ASSIGNED TASK: Restate the entries below exactly. Images are not part of the copy.

EXERCISE DATA below:

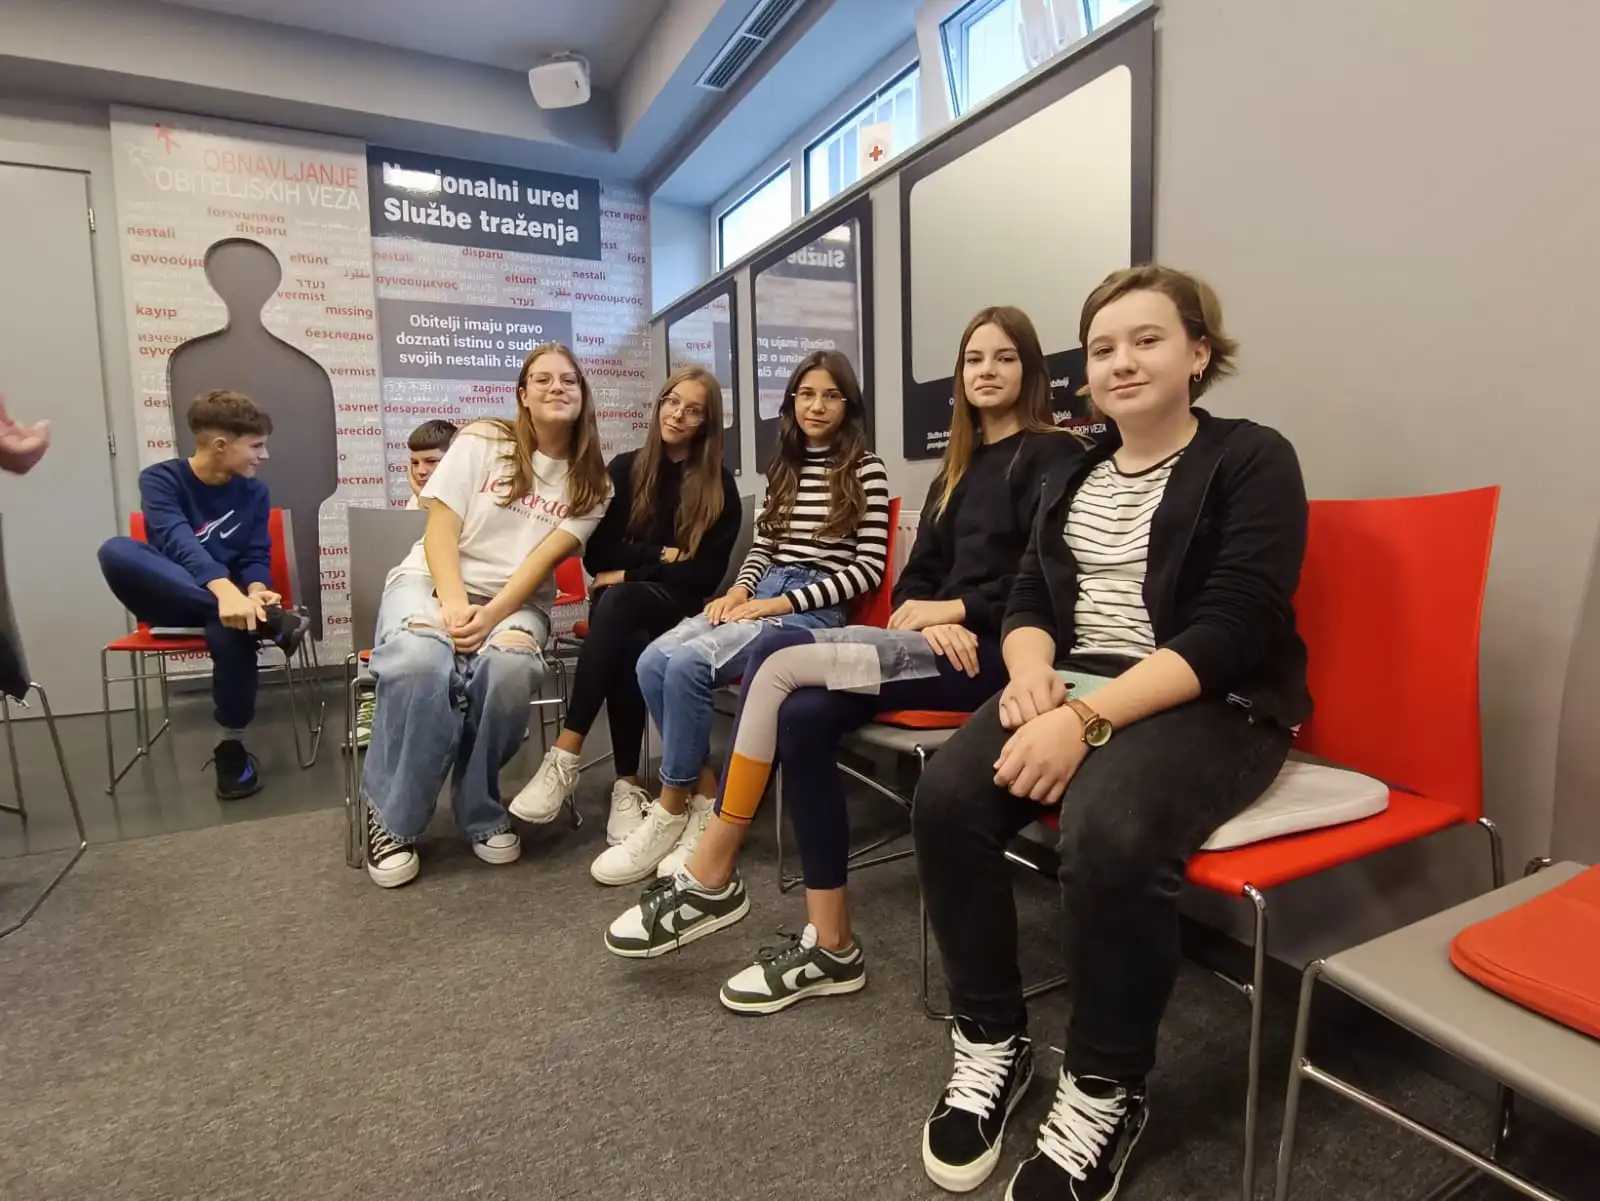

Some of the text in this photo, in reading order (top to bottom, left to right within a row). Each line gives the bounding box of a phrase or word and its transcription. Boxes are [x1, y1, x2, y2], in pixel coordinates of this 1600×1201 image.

[203, 148, 360, 189] OBNAVLJANJE
[154, 166, 362, 211] OBITELJSKIH VEZA
[526, 185, 580, 211] ured
[383, 197, 472, 229] Službe
[479, 210, 580, 247] traženja
[126, 225, 176, 240] nestali
[235, 222, 288, 238] disparu
[374, 251, 412, 264] nestali
[462, 246, 504, 261] disparu
[572, 270, 606, 282] nestali
[276, 289, 327, 303] vermist
[325, 305, 375, 320] missing
[409, 314, 543, 336] Obitelji imaju pravo
[304, 328, 375, 342] безследно
[396, 331, 451, 347] doznati
[453, 333, 493, 349] istinu
[495, 339, 505, 349] o
[399, 350, 443, 368] svojih
[446, 353, 502, 369] nestalih
[329, 366, 377, 378] vermist
[337, 402, 379, 413] savnet
[458, 395, 505, 405] vermisst
[383, 403, 461, 417] desaparecido

End of EXERCISE DATA.

ANSWER BELOW:
Some of the text in this photo, in reading order (top to bottom, left to right within a row). Each line gives the bounding box of a phrase or word and its transcription. Boxes are [x1, y1, x2, y2], in pixel coordinates of this 1600×1201 image.

[203, 148, 360, 189] OBNAVLJANJE
[154, 166, 362, 211] OBITELJSKIH VEZA
[526, 185, 580, 211] ured
[383, 197, 472, 229] Službe
[479, 210, 580, 247] traženja
[126, 225, 176, 240] nestali
[235, 222, 288, 238] disparu
[374, 251, 412, 264] nestali
[462, 246, 504, 261] disparu
[572, 270, 606, 282] nestali
[276, 289, 327, 303] vermist
[325, 305, 375, 320] missing
[409, 314, 543, 336] Obitelji imaju pravo
[304, 328, 375, 342] безследно
[396, 331, 451, 347] doznati
[453, 333, 493, 349] istinu
[495, 339, 505, 349] o
[399, 350, 443, 368] svojih
[446, 353, 502, 369] nestalih
[329, 366, 377, 378] vermist
[337, 402, 379, 413] savnet
[458, 395, 505, 405] vermisst
[383, 403, 461, 417] desaparecido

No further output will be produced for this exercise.